Tuesday, December 10, 2013

The knitter's mending tray

With the weather well and truly icy now, I've been spending a few minutes here and there finishing off the stack of thick warm boot socks I knit over the summer.  Here is an 'after' shot:


I could look at this image for hours.  These socks look so nice, don't they, so perfectly easy and effortless and orange.  Sigh.

Actually the finishing is a lot less fun than that.  Because remember all those stripes I put in to make the socks just a little longer this time?  Yeah.  Ends.  I didn't run any of them in.

A while ago Pete gave me this super pretty tray to use for, I don't know, putting a mug of tea and plate of cookies onto the ottoman, like in the magazines.


As you can see, it's been pressed into service holding all the socks and the scissors and darning needles and scrap yarn so I can just set it on my lap and run in a few ends as I have a spare minute or two to sit down and be bored.


I'm trying to concentrate on how many days of laundry-free warm feet all this darning needle stuff is going to mean when I'm finally done the work, even before I get around to finishing the knitting on the other three pairs either on needles or waiting to be cast on.


Also, I'm listening to audiobooks.  There's no point in trying to watch a movie doing this, and nobody seems to want to hang around to talk to me while I'm at it either, so audiobooks are my only friend.  Overall they do make the job bearable, so thank you audiobooks.


Also thank you Trish, who told me about this neat trick for running in ends on stocking stitch such that they don't show on the other side.  Basically you take your needle up on an angle through the purl loops of several successive rows; if you look at the other side and see the thread, you've got it wrong.  Pull the yarn back out and try again from another angle.

I find if I slip the hanging yarn under 8 or 10  stitches in one direction, then off in another zigzaggy angle, and finally in a third, I feel confident enough in its security from hole-making to snip off the end.

And best of all - if you do this often enough, you get a finished sock!!


Yay finished socks.  And even more yay a ton of finished socks... if only I hadn't decided to knit all those gift cowls in the middle of a cold snap.

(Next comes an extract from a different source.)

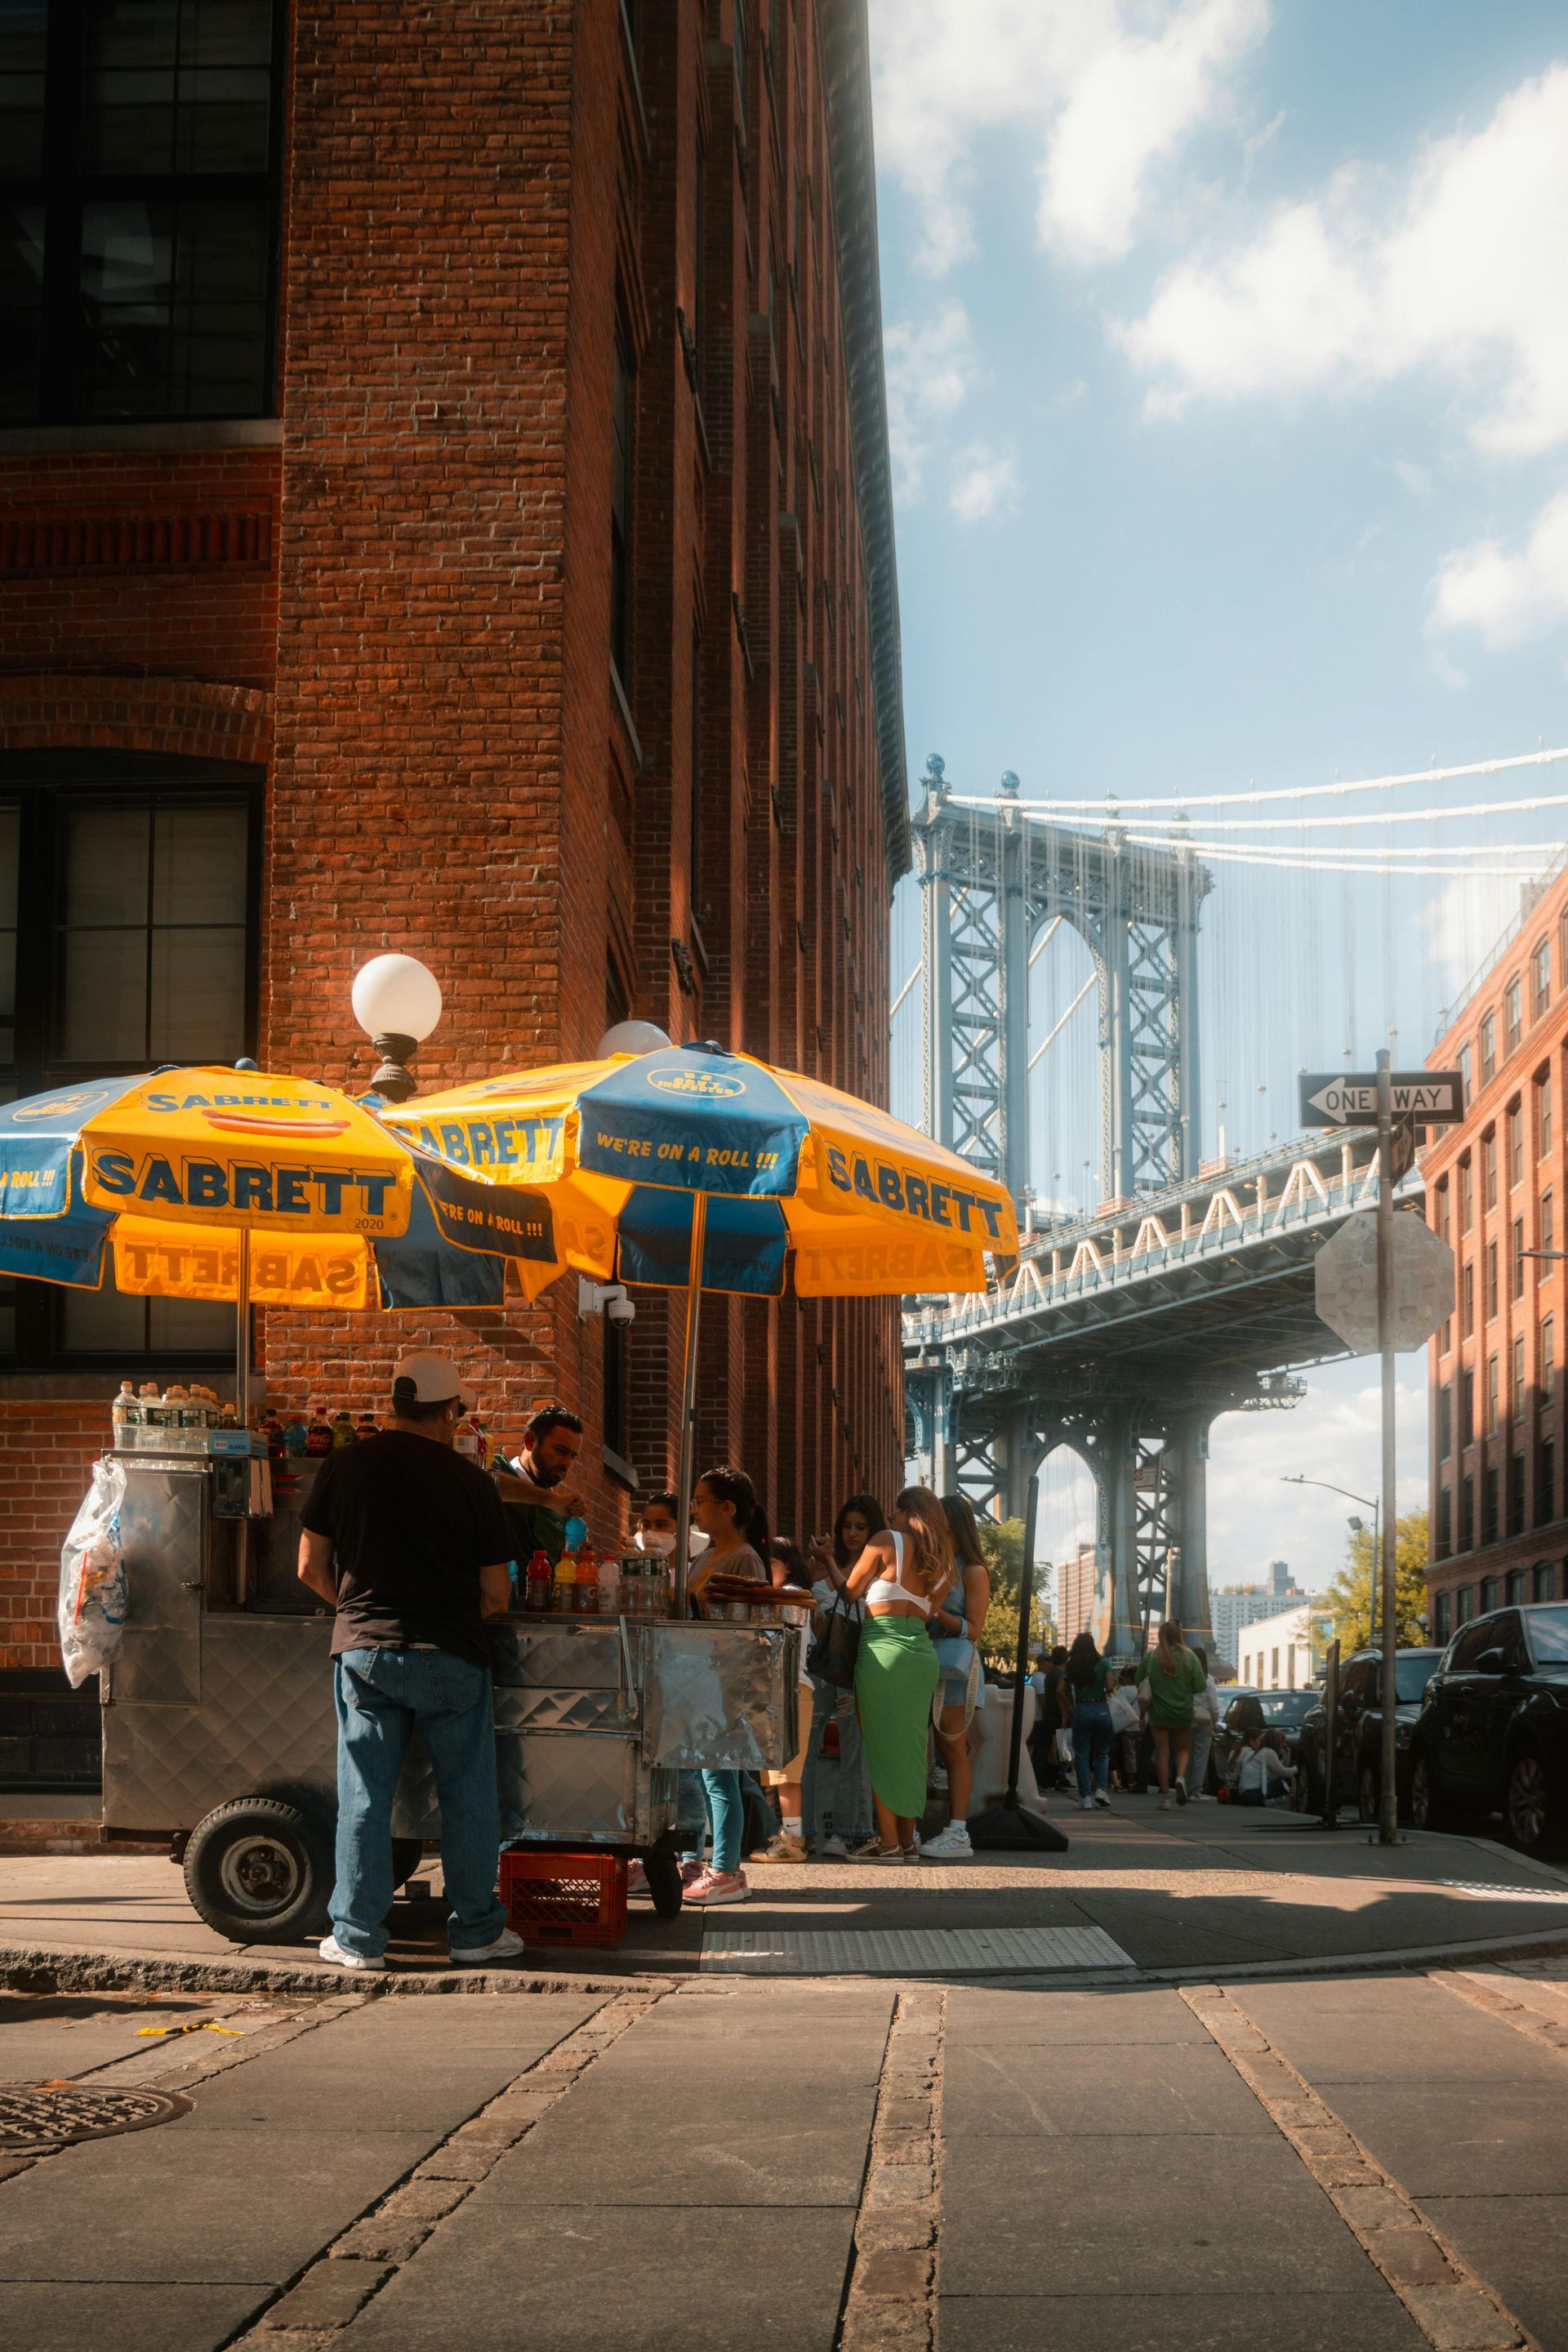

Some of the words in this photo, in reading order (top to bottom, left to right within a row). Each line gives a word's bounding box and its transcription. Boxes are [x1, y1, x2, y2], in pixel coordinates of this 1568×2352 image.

Oh well.  It's a journey, not a destination, right?  And if you'll excuse me, I have to go put in a few more miles.

4 comments:

Leslie said...

I love the orange socks! I've been trying to think of ways to use up all the sock yarns after I've finished my mitered square blanket (which will be a while). I'm envisioning loads of mis-matched stripey socks. (cringe if you need to!)

On weaving in ends. There's a clip on Knitting Daily TV where Euny Jang shows how to do this and it's so easy and perfect and wonderful that I always use it now when I start new yarns. Except for the super-slipper stuff it's a great join. At about 2:50 http://www.knittingdaily.com/blogs/daily/archive/2010/03/31/fair-isle-knitting-weaving-in-ends.aspx

UmmRania said...

Too bad we live so far apart, I dont mind kitchenering toes or sewing in ends. Sock knitting for me though is something I do because its practical, not because I love it. If we lived closer we could work together to be a sock knitting maschine!

Mary Keenan said...

Leslie, thanks for that link! I think I've done that technique before but only intuitively... which is to say, not mindfully enough to remember to do it again sometime when it would be really useful :^)

Mary Keenan said...

UmmRania, the weirdest thing happened last night while I was running in more ends: I noticed I was doing it *on purpose*! I could have been knitting or at the very least watching the very interesting program on TV but there I was running in ends, instead. AND I kept on doing it even after it occurred to me that I should really be doing other things. I think - is this possible? - it's growing on me!